**WHAT IS EXPECTED**
With no images included, output each entry below exactly as it appears.

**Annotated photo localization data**
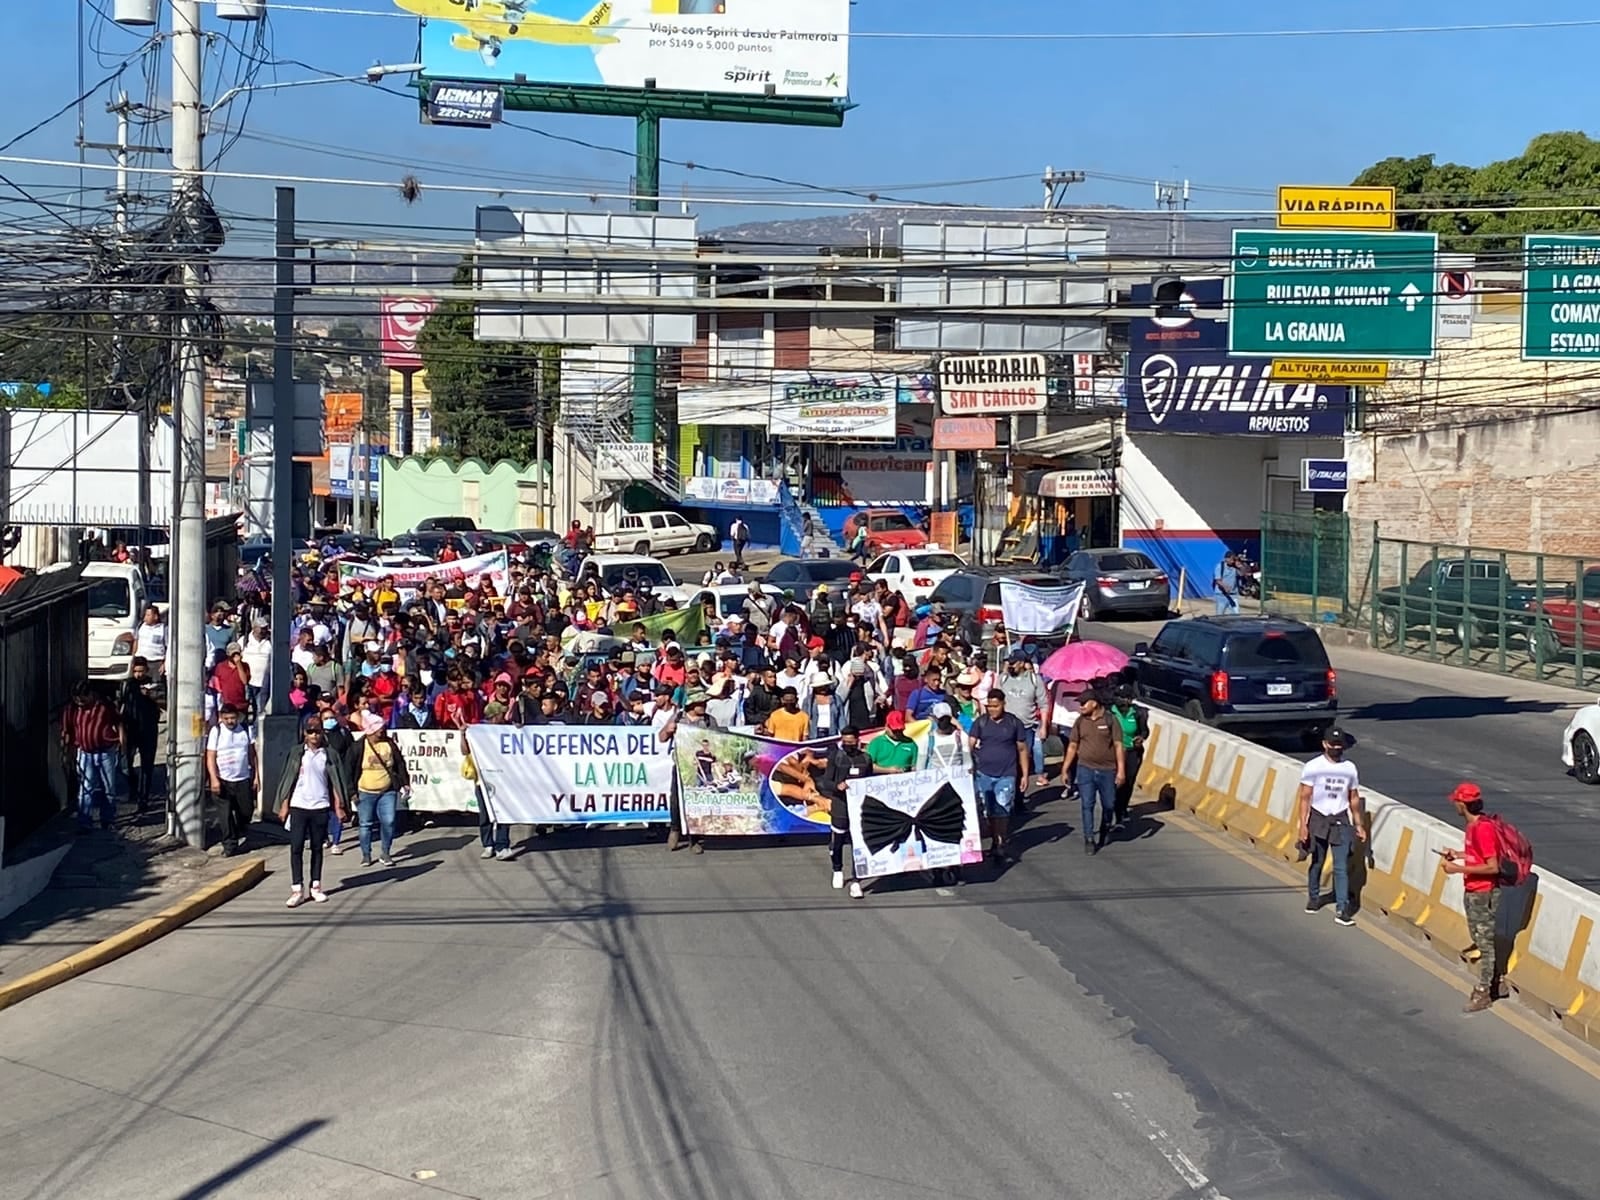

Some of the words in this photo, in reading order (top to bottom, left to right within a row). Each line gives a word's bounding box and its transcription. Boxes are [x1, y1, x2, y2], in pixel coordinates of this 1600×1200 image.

[589, 3, 611, 26] spirit
[681, 26, 703, 35] con
[706, 25, 738, 38] Spirit
[742, 28, 777, 38] desde
[780, 30, 838, 42] Palmerola
[649, 39, 667, 48] por
[669, 38, 694, 48] $149
[738, 42, 773, 52] puntos
[724, 69, 773, 83] spirit
[785, 69, 809, 78] Banco
[1268, 248, 1333, 268] BULEVAR
[1553, 274, 1570, 294] LA
[1267, 285, 1331, 305] BULEVAR
[1334, 286, 1391, 306] KUWAIT
[1551, 303, 1600, 323] COMAY
[1265, 321, 1284, 341] LA
[1287, 321, 1346, 342] GRANJA
[943, 357, 1041, 385] FUNERARIA
[1279, 363, 1328, 373] ALTURA
[785, 383, 885, 402] Pinturas
[950, 389, 978, 409] SAN
[983, 386, 1037, 407] CARLOS
[1175, 365, 1317, 411] ITALIKA
[1249, 416, 1310, 432] REPUESTOS
[500, 733, 524, 754] EN
[533, 733, 619, 756] DEFENSA
[627, 733, 659, 755] DEL
[575, 762, 598, 785] LA
[604, 762, 648, 786] VIDA
[551, 793, 566, 812] Y
[570, 794, 596, 812] LA
[602, 793, 669, 812] TIERRA
[684, 792, 759, 805] PLATAFORMA
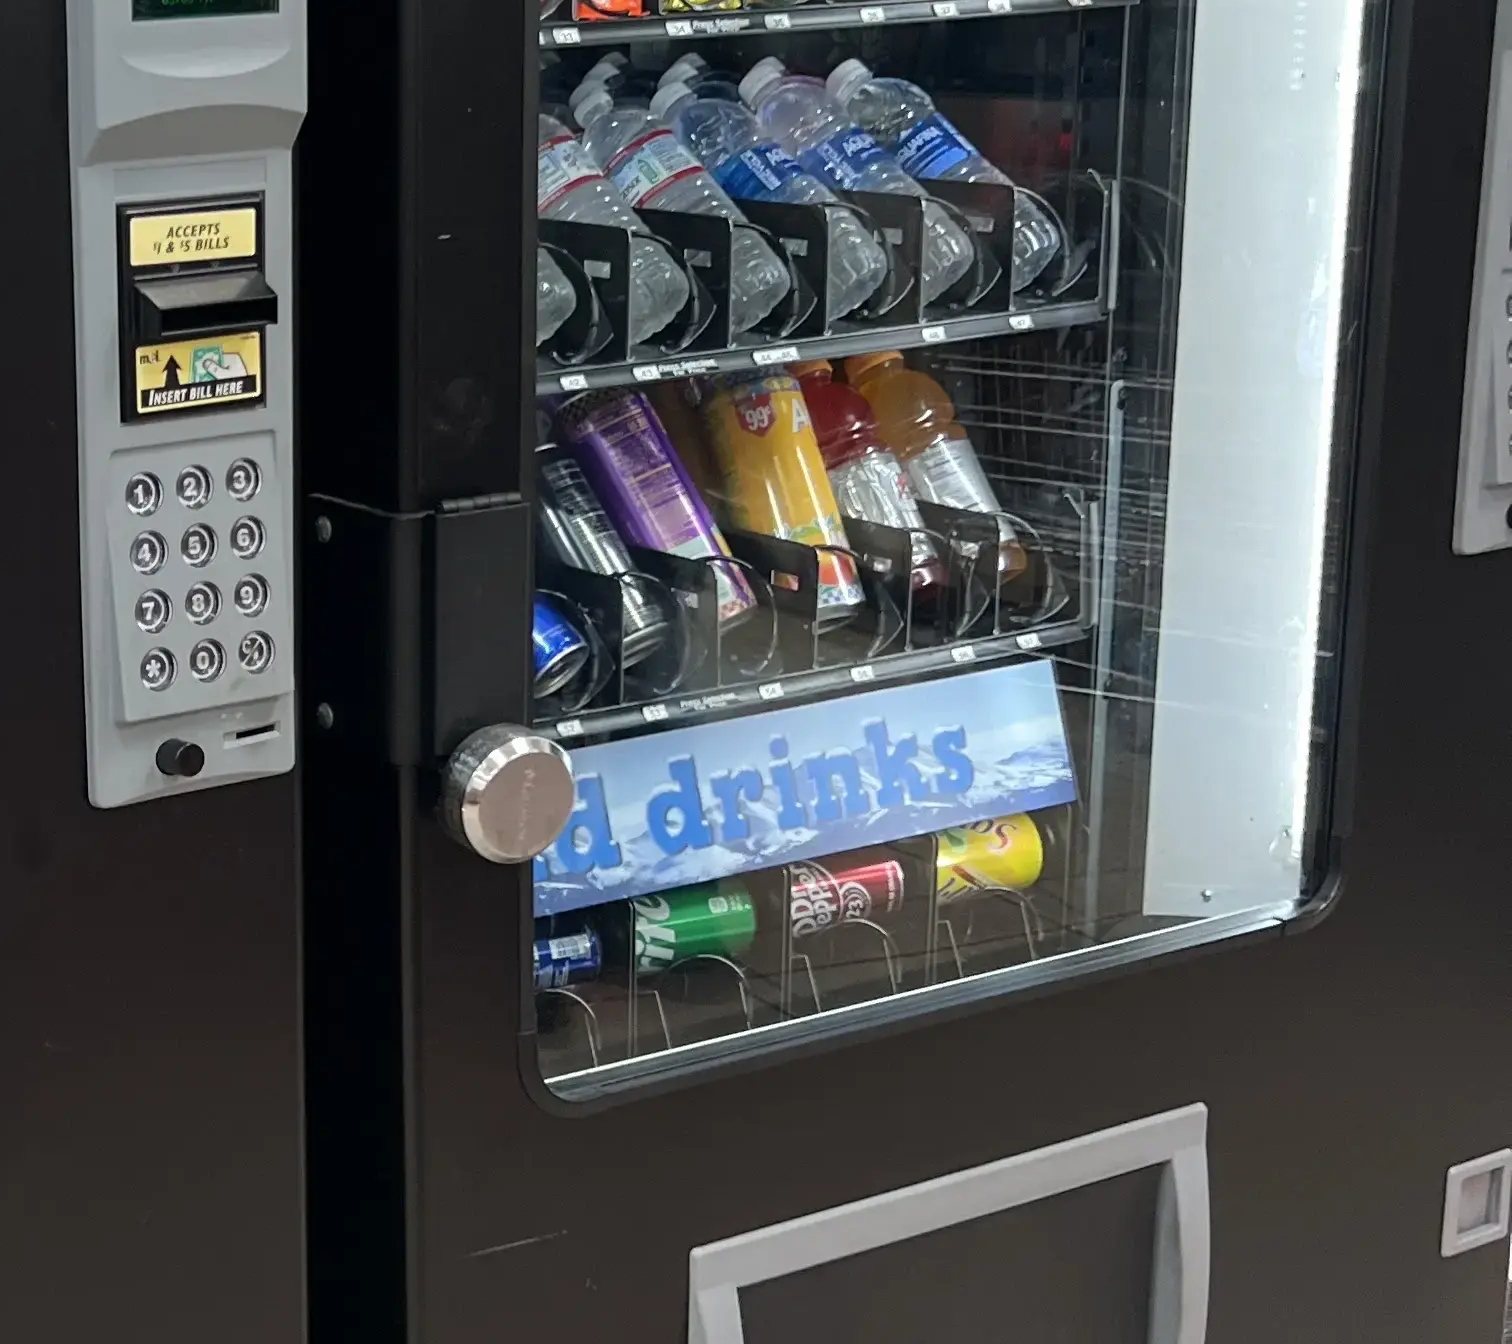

**RESPONSE BOX**
Some of the words in this photo, in reading order (top to bottom, left to right within a row). Each line gives a word's bounding box and its transcription. Boxes are [x1, y1, x2, y2], in pixel coordinates of this 1600×1200 image.

[589, 3, 611, 26] spirit
[681, 26, 703, 35] con
[706, 25, 738, 38] Spirit
[742, 28, 777, 38] desde
[780, 30, 838, 42] Palmerola
[649, 39, 667, 48] por
[669, 38, 694, 48] $149
[738, 42, 773, 52] puntos
[724, 69, 773, 83] spirit
[785, 69, 809, 78] Banco
[1268, 248, 1333, 268] BULEVAR
[1553, 274, 1570, 294] LA
[1267, 285, 1331, 305] BULEVAR
[1334, 286, 1391, 306] KUWAIT
[1551, 303, 1600, 323] COMAY
[1265, 321, 1284, 341] LA
[1287, 321, 1346, 342] GRANJA
[943, 357, 1041, 385] FUNERARIA
[1279, 363, 1328, 373] ALTURA
[785, 383, 885, 402] Pinturas
[950, 389, 978, 409] SAN
[983, 386, 1037, 407] CARLOS
[1175, 365, 1317, 411] ITALIKA
[1249, 416, 1310, 432] REPUESTOS
[500, 733, 524, 754] EN
[533, 733, 619, 756] DEFENSA
[627, 733, 659, 755] DEL
[575, 762, 598, 785] LA
[604, 762, 648, 786] VIDA
[551, 793, 566, 812] Y
[570, 794, 596, 812] LA
[602, 793, 669, 812] TIERRA
[684, 792, 759, 805] PLATAFORMA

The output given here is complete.